El Grito de Guerra y la Hipocresía del Nobel: La Doble Cara de la Fjordlandia

Los Sicarios de Stortinget blandiendo su hipocresía criminal

El Rey de Noruega y hasta el mismísimo y mercantilmente humanitario Parlamento de Oslo (el Stortinget) son, ante los ojos de la Historia, una cueva de encubridores. Esos burócratas que se llenan la boca con la paz mientras esconden bajo las alfombras del edificio de Stortinget los 323 crímenes de lesa humanidad que permitieron y facilitaron.

Representan la frialdad psicopática que decide desde un despacho quién vive y quién muere, perpetrando una complicidad criminal que ni siquiera el paso del tiempo puede lavar.

No nos confundamos: una sociedad puede estar compuesta por gente noble, pero los dirigentes y monarcas en todos los casos operan como psicópatas, aunque en algunos se note poco.

Noruega se llena la boca dando lecciones de paz mundial, repartiendo Premios Nobel desde su pedestal de moralidad impoluta, mientras sus legisladores actúan como sicarios administrativos.

No son ingenuos: son profundamente competitivos y calculadores.

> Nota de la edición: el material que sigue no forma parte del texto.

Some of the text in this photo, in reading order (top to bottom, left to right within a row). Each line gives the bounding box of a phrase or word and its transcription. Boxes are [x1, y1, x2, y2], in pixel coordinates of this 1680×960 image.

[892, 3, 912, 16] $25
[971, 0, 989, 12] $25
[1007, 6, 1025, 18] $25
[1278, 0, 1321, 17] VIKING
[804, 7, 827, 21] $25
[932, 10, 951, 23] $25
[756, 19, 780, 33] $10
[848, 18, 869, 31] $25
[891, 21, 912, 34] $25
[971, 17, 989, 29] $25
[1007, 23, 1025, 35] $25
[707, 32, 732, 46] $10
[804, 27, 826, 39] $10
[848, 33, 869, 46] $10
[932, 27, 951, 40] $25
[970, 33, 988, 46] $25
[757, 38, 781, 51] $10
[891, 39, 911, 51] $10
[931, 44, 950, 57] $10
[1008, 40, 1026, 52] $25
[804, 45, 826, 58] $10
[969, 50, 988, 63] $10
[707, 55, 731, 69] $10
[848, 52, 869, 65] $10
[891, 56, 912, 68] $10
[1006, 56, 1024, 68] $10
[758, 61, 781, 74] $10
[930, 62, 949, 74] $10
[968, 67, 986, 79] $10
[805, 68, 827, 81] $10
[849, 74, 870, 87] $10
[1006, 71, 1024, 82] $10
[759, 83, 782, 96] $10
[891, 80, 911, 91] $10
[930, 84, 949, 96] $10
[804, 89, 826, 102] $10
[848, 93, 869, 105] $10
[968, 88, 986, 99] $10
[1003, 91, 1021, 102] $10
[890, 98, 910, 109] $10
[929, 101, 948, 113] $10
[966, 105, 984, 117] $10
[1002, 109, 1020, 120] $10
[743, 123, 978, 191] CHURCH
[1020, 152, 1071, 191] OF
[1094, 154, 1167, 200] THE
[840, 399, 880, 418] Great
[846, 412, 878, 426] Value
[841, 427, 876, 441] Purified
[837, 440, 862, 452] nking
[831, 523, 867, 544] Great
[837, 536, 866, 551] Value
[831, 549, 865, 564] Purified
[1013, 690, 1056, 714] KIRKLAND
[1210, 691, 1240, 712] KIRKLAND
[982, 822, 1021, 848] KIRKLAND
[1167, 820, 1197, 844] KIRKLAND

Han construido un relato de paz mientras fueron cómplices necesarios de un crimen de lesa humanidad que, hasta hoy, se niegan a reconocer con un pedido de perdón formal.

Supongo que el 99% de los noruegos ignora este incidente; porque de saberlo, tienen maneras muy efectivas de obligar al Estado a subsanar semejante locura.

Cuando los noruegos se enojan, tiemblan hasta las cuevas de los ratones que se creen jefes o se amparan en títulos nobiliarios.

La salida es clara, sana y no les costaría ni un céntimo: una disculpa pública del Parlamento, del Primer Ministro y del Rey, junto con la renuncia definitiva del Estado noruego a seguir otorgando el Premio Nobel de la Paz, una distinción que hoy carece de autoridad moral.

Si un argentino pudiera mirarlos a los ojos a los parásitos del Reino de Noruega y exigirles coherencia, la máscara de “país adorable” se les caería al piso.

Mientras ellos sigan ocultando su complicidad bajo el manto de la “neutralidad”, su premio Nobel es una farsa, su paz es una puesta en escena y su humanidad estatal es, ante nuestros ojos, una abominación.

Nuestra crítica está dirigida exclusivamente a la maquinaria del Capitalismo de Estado noruego y sus tecnócratas.

No alcanza, en absoluto, al pueblo noruego, con cuya calidez y cultura uno desearía cruzarse en cualquier mesa de café o celebrar un mundial, sino a la élite política que ha convertido a su Nación en un sicario administrativo de guante blanco.

La clase política noruega padece de un cinismo vulgar. Sus políticos, acostumbrados a moverse en una burbuja de riqueza petrolera, han caído en un populismo cínico y rústico.

Al intentar jugar a la política de “justicia social” global (mientras en la práctica operan como una maquinaria de guerra mercenaria) demuestran no solo una falta de elegancia, sino una perversión profunda.

Es un disfraz barato para esconder que, bajo sus trajes de tecnócratas nórdicos, laten corazones de burócratas siniestros. Carecen de toda sensatez humana estos caranchos.

Cualquier coincidencia con el Tercer Reich nunca en la Historia noruega fue casualidad.